When Abraham’s people, including his own father, worship idols and a famine sweeps the land, God commands Abraham to leave: “Jehovah said to Abram, ‘Move from your country and your kindred and your father’s house to a land I will show you. And I will make you a great nation. I will bless you and make your name great, and you will be a blessing. I will bless those who bless you and curse he who curses you. And in you shall all the families of the earth be blessed.’ So Abram left, as Jehovah had told him, and Lot went with him. Abram was seventy-five years old when he left Haran. And Abram took Sarai his wife and Lot his brother’s son and all their goods that they had gathered up, and the souls they had won in Haran, and they went forth to go into the Land of Canaan and entered the Land of Canaan” (Genesis 12:1–5; compare Joshua 24:2–3).
Jehovah rewards Abraham for leaving his native land and his extended family to enter the unknown by promising him a land of inheritance and a numerous posterity: “To your offspring I give this land, from the river of Egypt to the great river, the river Euphrates” (Genesis 15:18); “My covenant is with you; you will be a father of many nations. You will no more be called Abram but your name will be Abraham, for I am making you a father of many nations. I will make you exceedingly fruitful and make you into nations, and kings will come out of you. And I will establish my covenant between me and you and your offspring after you throughout their generations for an everlasting covenant, to be a God to you and to your offspring after you” (Genesis 17:4–7).

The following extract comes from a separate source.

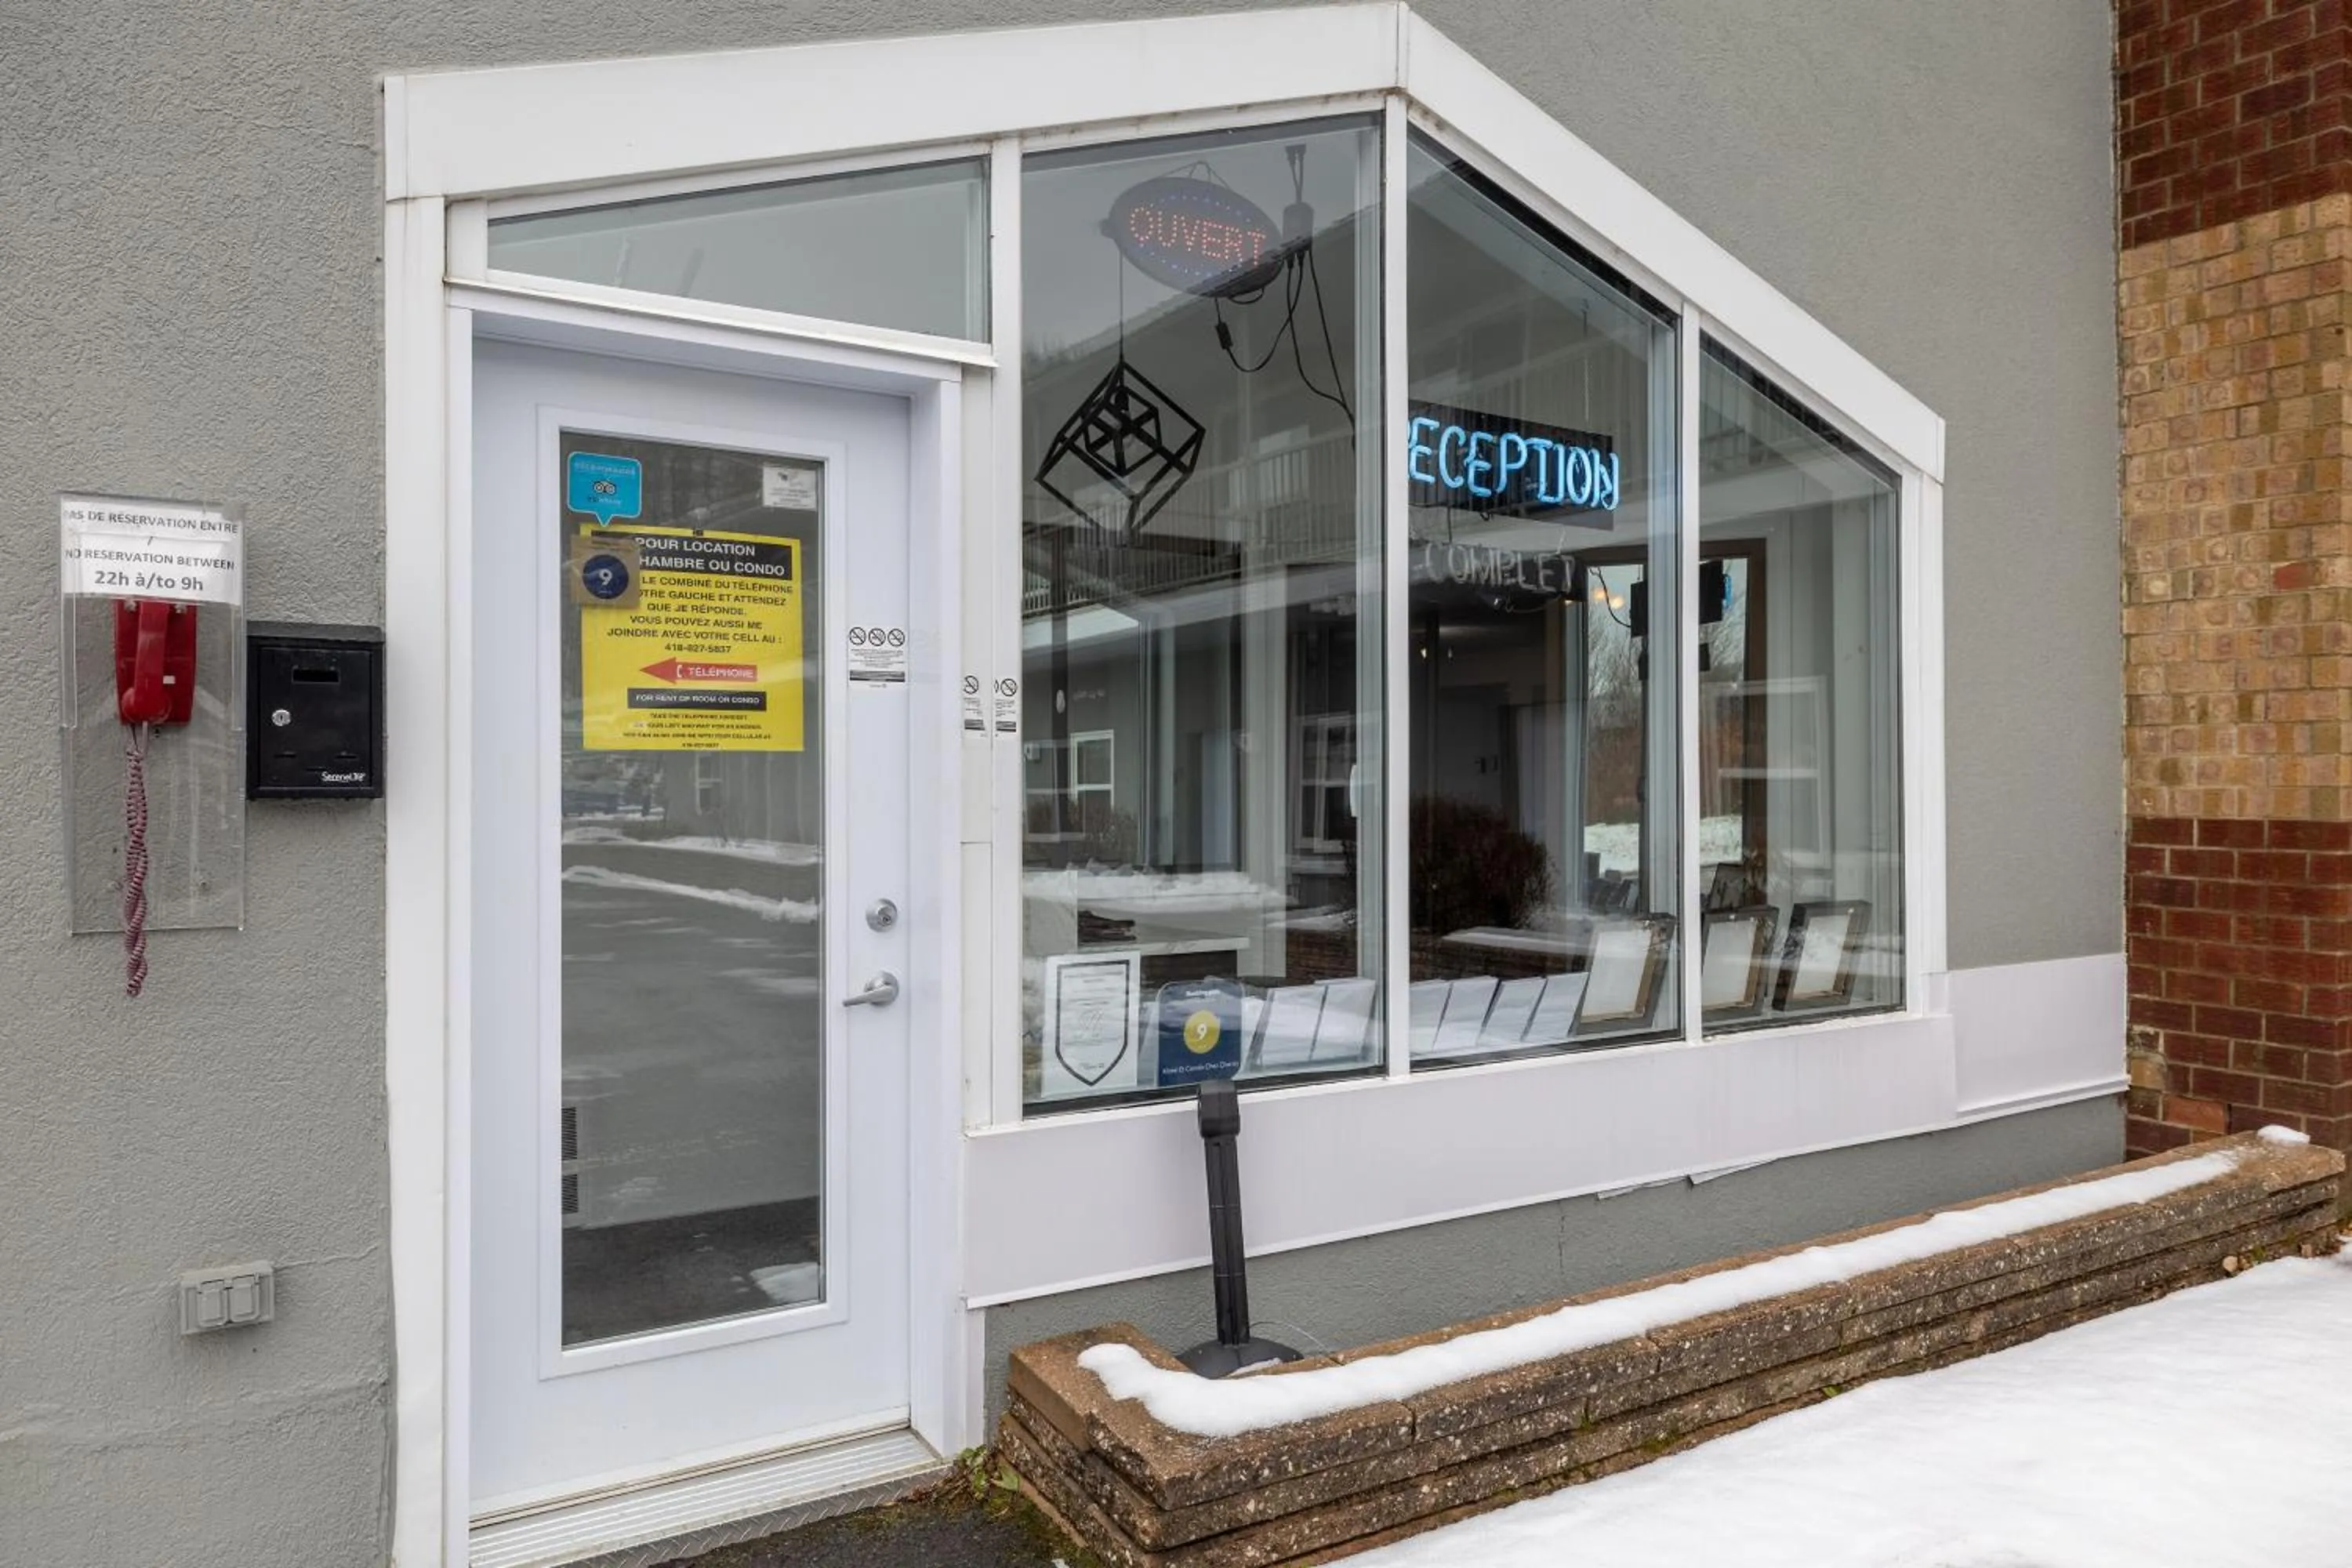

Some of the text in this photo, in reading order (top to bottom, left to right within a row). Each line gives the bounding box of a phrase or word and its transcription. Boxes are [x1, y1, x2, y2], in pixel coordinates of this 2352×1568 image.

Isaiah predicts a time when Abraham’s end-time descendants face the same choice as Abraham—whether to leave or stay in Babylon. Jehovah thus reminds them that what he did for Abraham he will do for them if they heed his call. As Abraham came from the ends of the earth and received a Promised Land, so would they: “You, O Israel, my servant, Jacob, whom I have chosen, offspring of Abraham my beloved friend, you whom I have taken from the ends of the earth, called from its farthest limits—to you I say, ‘You are my servant; I have accepted you and not rejected you. Be not fearful, for I am with you; be not dismayed, for I am your God. I will strengthen you; I will also succor you and uphold you with my righteous right hand’” (Isaiah 41:8–10); “Jehovah will have compassion on Jacob and once again choose Israel; he will settle them in their own land, and proselytes will adhere to them and join the house of Jacob” (Isaiah 14:1).
Isaiah nevertheless sees that only persons who are righteous as Abraham was righteous heed Jehovah’s call: “Hear me, you followers of righteousness, seekers of Jehovah: Look to the rock from which you were cut, to the quarry out of which you were hewn; look to Abraham your father, to Sarah who bore you. He was but one when I called him, but I blessed him by making him many” (Isaiah 51:1–2); “So shall justice inhabit the desert, and righteousness abide in the farmland. And the effect of justice shall be peace, and the result of righteousness an assured calm forever. My people shall dwell in peaceful settlements, in safe neighborhoods, in comfortable dwellings. Blessed are you, who shall then sow by all waters, letting oxen and asses range free” (Isaiah 32:16–18, 20). As with Abraham, the lands of inheritance and blessed offspring God promises his elect are theirs by an “everlasting covenant” (Isaiah 61:7–9).